Multi-Source EEG Emotion Recognition via Dynamic Contrastive Domain Adaptation

Electroencephalography (EEG) provides reliable indications of human cognition and mental states. Accurate emotion recognition from EEG remains challenging due to signal variations among individuals and across measurement sessions. We introduce a multi-source dynamic contrastive domain adaptation method (MS-DCDA) based on differential entropy (DE) features, in which coarse-grained inter-domain and fine-grained intra-class adaptations are modeled through a multi-branch contrastive neural network and contrastive sub-domain discrepancy learning. Leveraging domain knowledge from each individual source and a complementary source ensemble, our model uses dynamically weighted learning to achieve an optimal tradeoff between domain transferability and discriminability.

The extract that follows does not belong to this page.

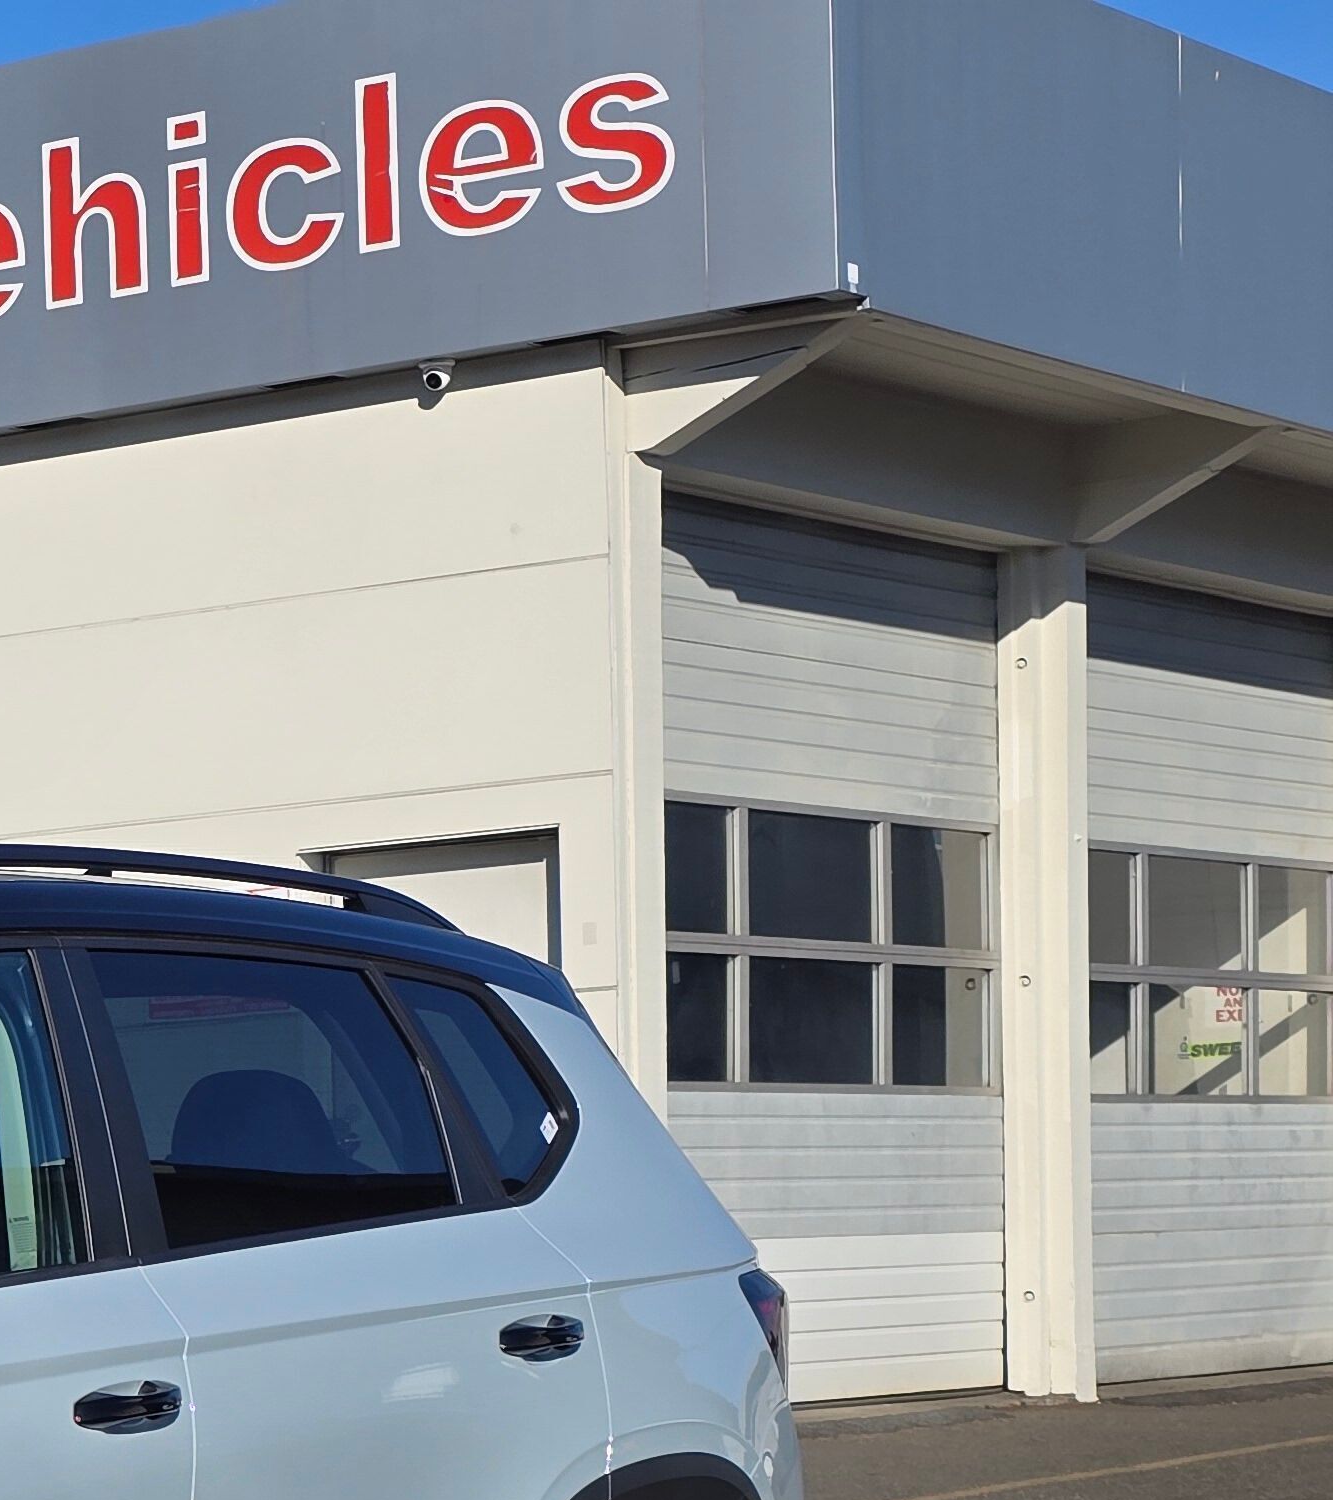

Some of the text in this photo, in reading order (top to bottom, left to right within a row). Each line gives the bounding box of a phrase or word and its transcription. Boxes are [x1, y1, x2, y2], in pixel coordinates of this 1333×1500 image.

[1216, 987, 1243, 997] NO
[1215, 1008, 1243, 1023] EXI
[1190, 1041, 1242, 1058] SWEE

The proposed MS-DCDA model was evaluated using the SEED and SEED-IV datasets, achieving respectively the highest mean accuracies of $90.84\%$ and $78.49\%$ in cross-subject experiments as well as $95.82\%$ and $82.25\%$ in cross-session experiments. Our model outperforms several alternative domain adaptation methods in recognition accuracy, inter-class margin, and intra-class compactness. Our study also suggests greater emotional sensitivity in the frontal and parietal brain lobes, providing insights for mental health interventions, personalized medicine, and preventive strategies.